# EXERCISE BRIEF
With pictures removed, output every record below exactly as written.

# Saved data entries
..........

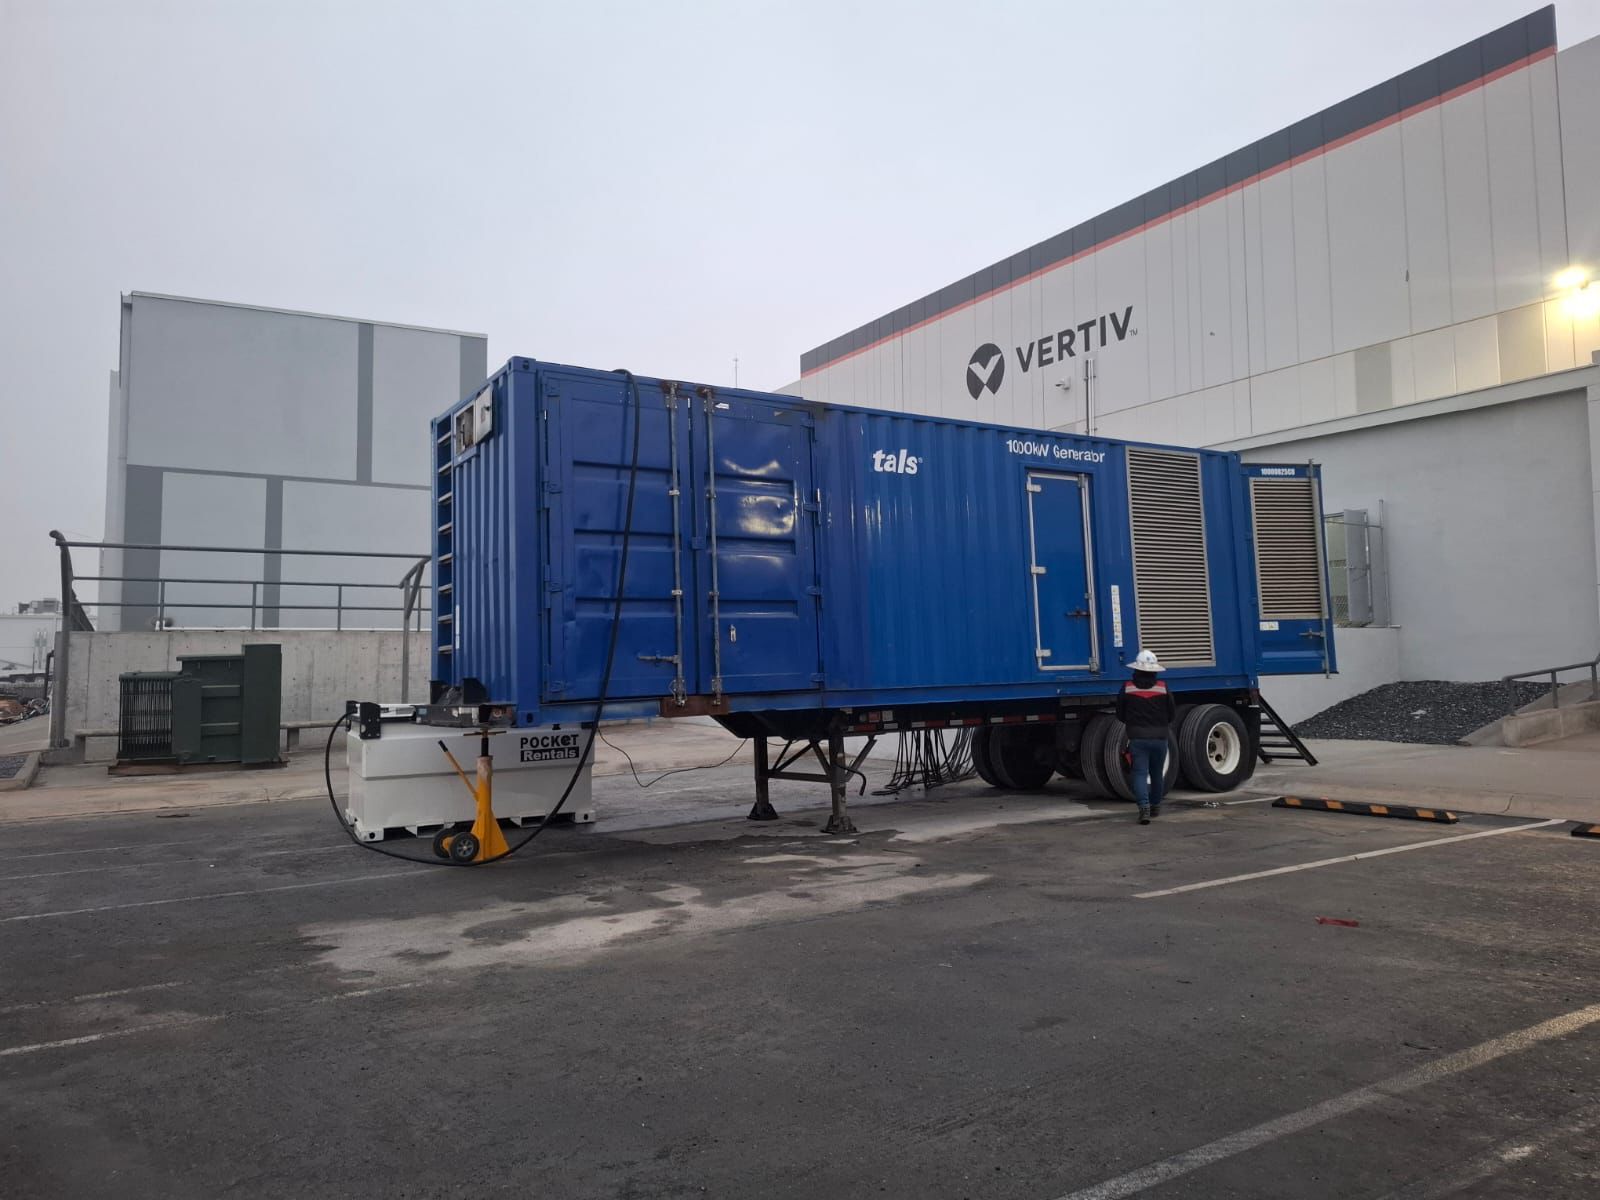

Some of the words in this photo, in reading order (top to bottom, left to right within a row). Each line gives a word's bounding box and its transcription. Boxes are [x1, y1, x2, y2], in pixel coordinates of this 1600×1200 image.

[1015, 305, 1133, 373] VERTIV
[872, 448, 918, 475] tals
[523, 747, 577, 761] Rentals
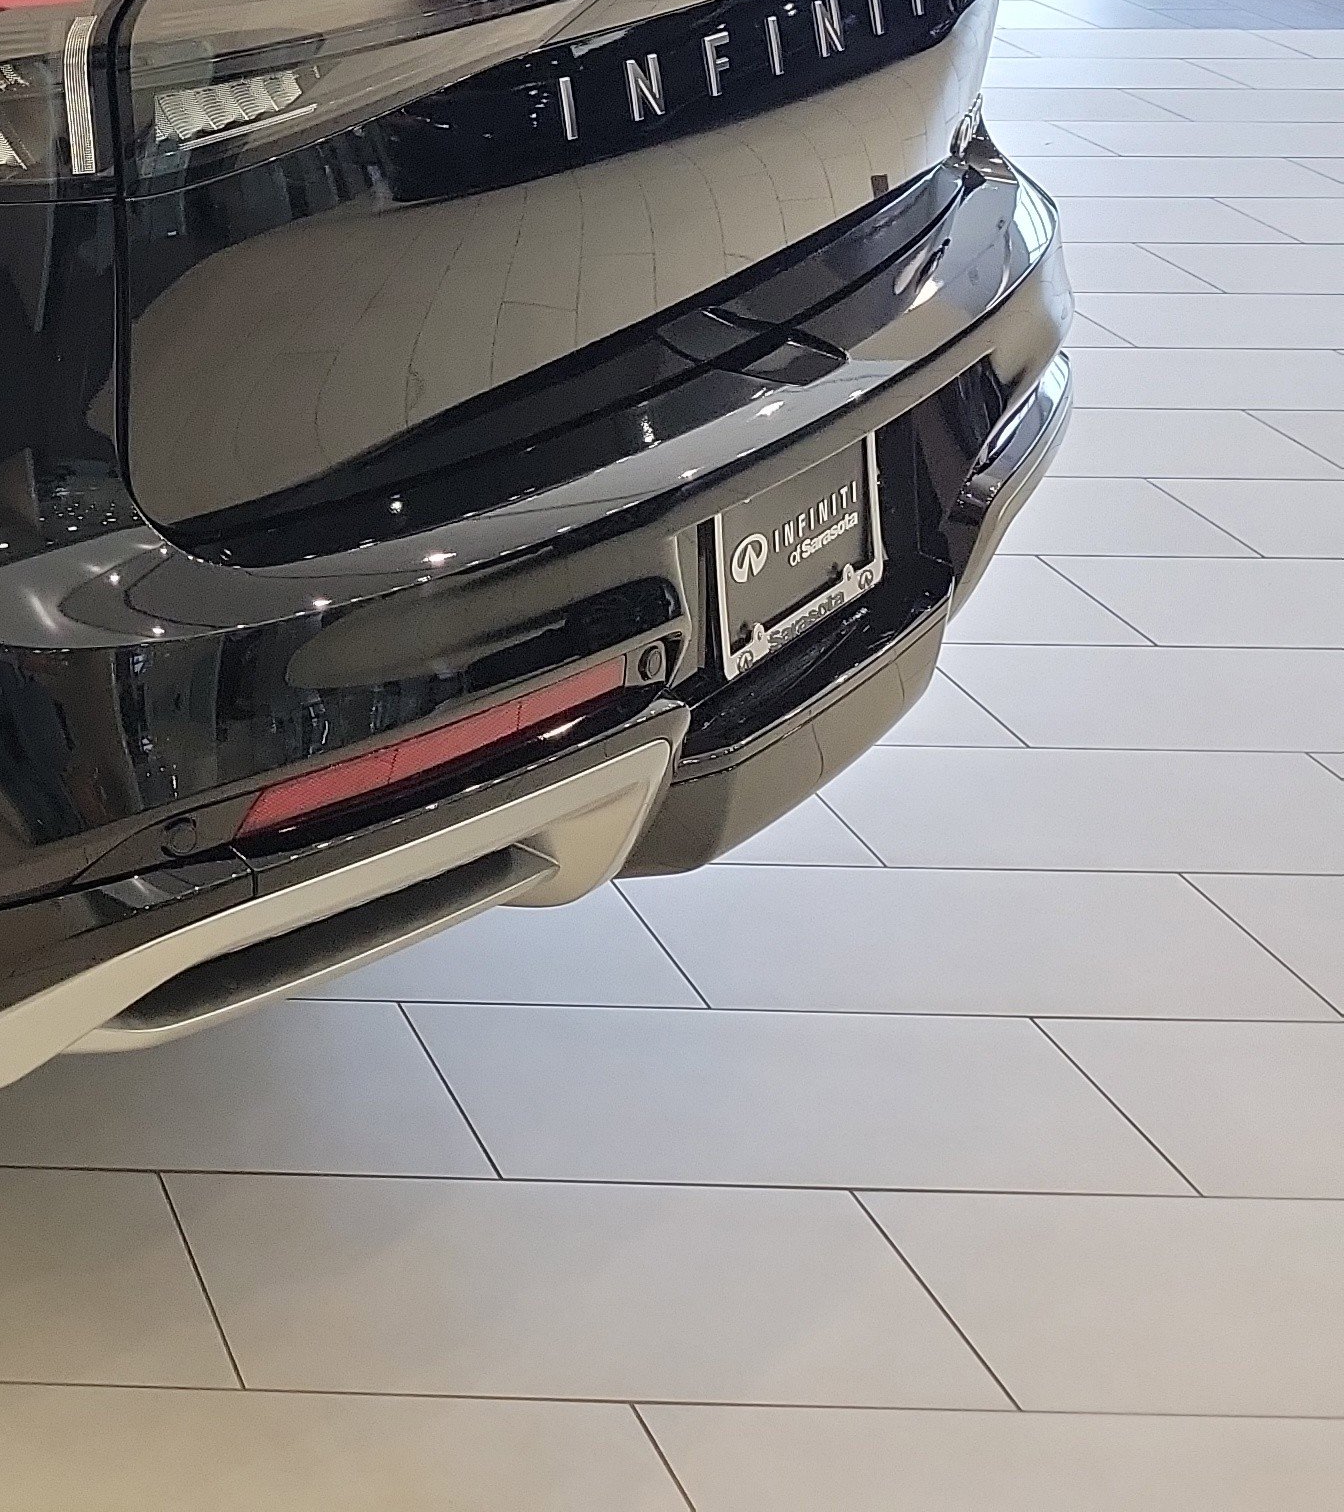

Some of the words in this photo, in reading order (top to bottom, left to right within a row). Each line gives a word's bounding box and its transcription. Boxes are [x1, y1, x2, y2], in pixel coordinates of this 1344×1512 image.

..........

# WRITTEN RESPONSE
Some of the words in this photo, in reading order (top to bottom, left to right within a row). Each line gives a word's bounding box and its transcription. Boxes are [x1, y1, x2, y2], in pixel coordinates of this 1600×1200 image.

[1015, 305, 1133, 373] VERTIV
[872, 448, 918, 475] tals
[523, 747, 577, 761] Rentals

Some of the words in this photo, in reading order (top to bottom, left to right within a row). Each line gives a word's bounding box and its transcription. Boxes are [x1, y1, x2, y2], in pixel coordinates of this 1344×1512 image.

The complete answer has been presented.